Monday, May 14, 2012

Living a "Chipper" Life


I met my cousin Chipper in 1959. We were taking one of the dreaded cross-country family vacations in the station wagon. We consisted of father, mother, three children, and my maternal grandmother for a total of six souls in a very, very close proximity.

I wish I could say my memory was clear on all the details of this family venture, but I was the one who became car sick.

Mom told the story of my being adopted. It was winter, I was a year old and Mom and Dad dressed me up in a new snowsuit and traveled from Ohio to Michigan to visit family. I was standing in the front seat between them (a common practice back in the day). Dear old Dad was smoking his cigar. That’s probably when I turned green and vomited down his neck and arm. He promptly stopped the car, got out, went to the side of the road and repeated my act.  I wonder if they felt they had been given a defective model and wanted an exchange? More than likely that feeling was compounded during my teen years…

Back to the Road Trip: Riding in the back area of a station wagon only made the issue of getting motion sick worse. Therefore Dramamine was administered in mass quantities and I slept. And I slept… and I slept… and I slept! Fortunately I was awakened to see Carlsbad Caverns, Mt. Rushmore, Old Faithful, the Petrified Forest, the grand sequoias and the ocean! We were actually living and traveling the Woody Guthrie song THIS LAND IS YOUR LAND! Well, perhaps in title and chorus only.

THIS LAND IS YOUR LAND
words and music by Woody Guthrie
Chorus:
This land is your land, this land is my land
From California, to the New York Island
From the redwood forest, to the gulf stream waters
This land was made for you and me 
As I was walking a ribbon of highway
I saw above me an endless skyway
I saw below me a golden valley
This land was made for you and me

We stopped in the evenings and stayed in motels. It was always a treat when the motel had a swimming pool. Out came the swimsuits and my younger brothers and I would have preferred not to eat any dinner, but just to swim. Back then, one had to wait for half an hour after a meal before swimming to ensure you wouldn’t get cramps and drown. After being confined in the car for hours and hours, getting out and swimming was a wonderful release of tension and energy.
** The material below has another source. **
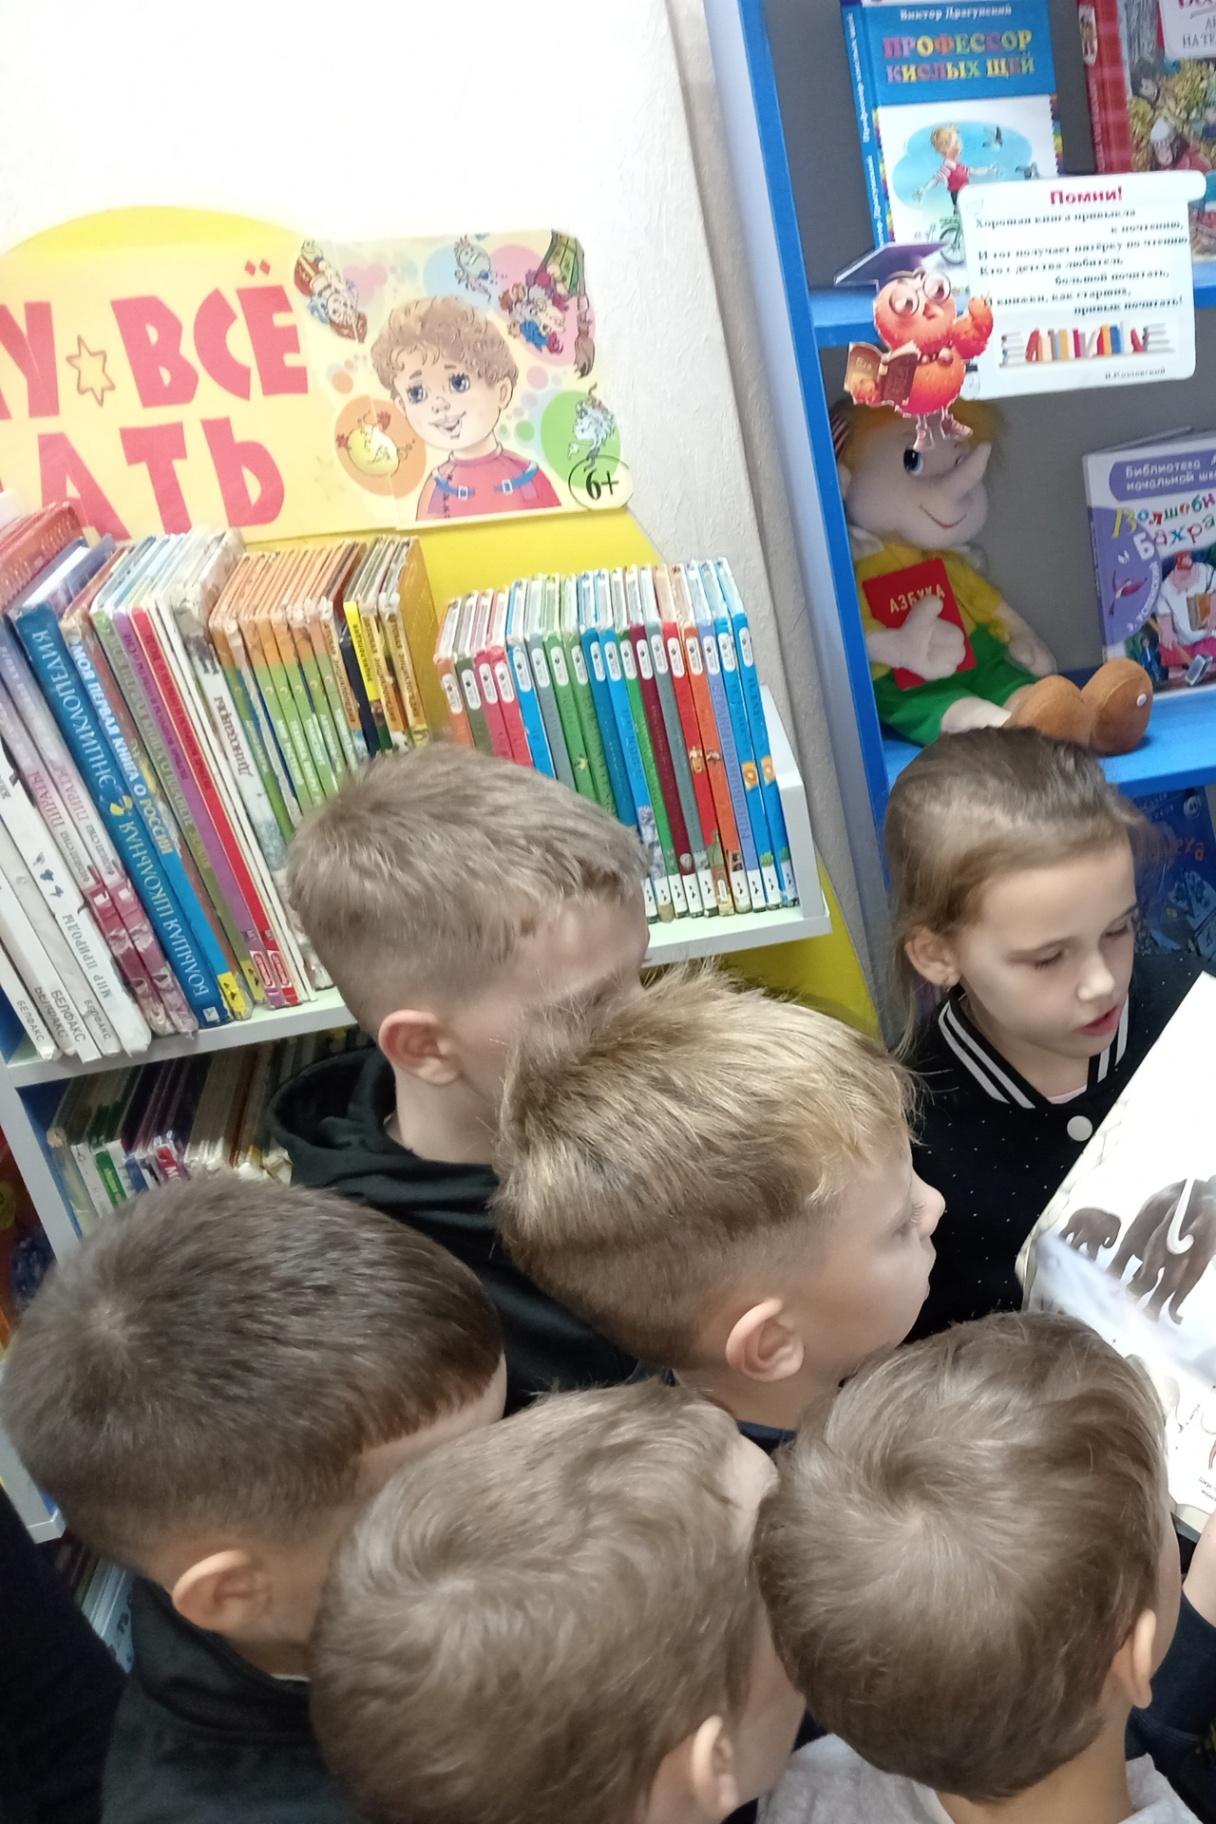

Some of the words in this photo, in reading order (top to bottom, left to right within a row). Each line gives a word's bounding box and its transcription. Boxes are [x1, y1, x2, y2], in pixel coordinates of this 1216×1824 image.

I don’t know if there was ever an actual travel itinerary for these road trips as we ventured around the country. We stopped and visited various family members as we traveled. That is when I met Chipper.

He and his family lived somewhere in country of Texas. Chipper was approximately my age and was a special needs child. We fell hard and fast into the comfort of each other’s presence. I loved him and Chipper loved me. For that very short period of time, Chipper and I could not or would not be separated.

Chipper’s special needs were consuming for the adults in his life at that point in time. He had limited mental capacity and then some physical aspects that also needed time and attention. He was “hyper” before the term had been coined and when he got going too fast, his mom would say, “Chipper!” and he would respond, “gotta relax, gotta relax…”

My brother was teasing me in some manner and Chipper became my defender and picked up the bug spray and ‘hit’ him with a dose of it. To this very day my brother believes that was the single, solitary event that caused him to need glasses!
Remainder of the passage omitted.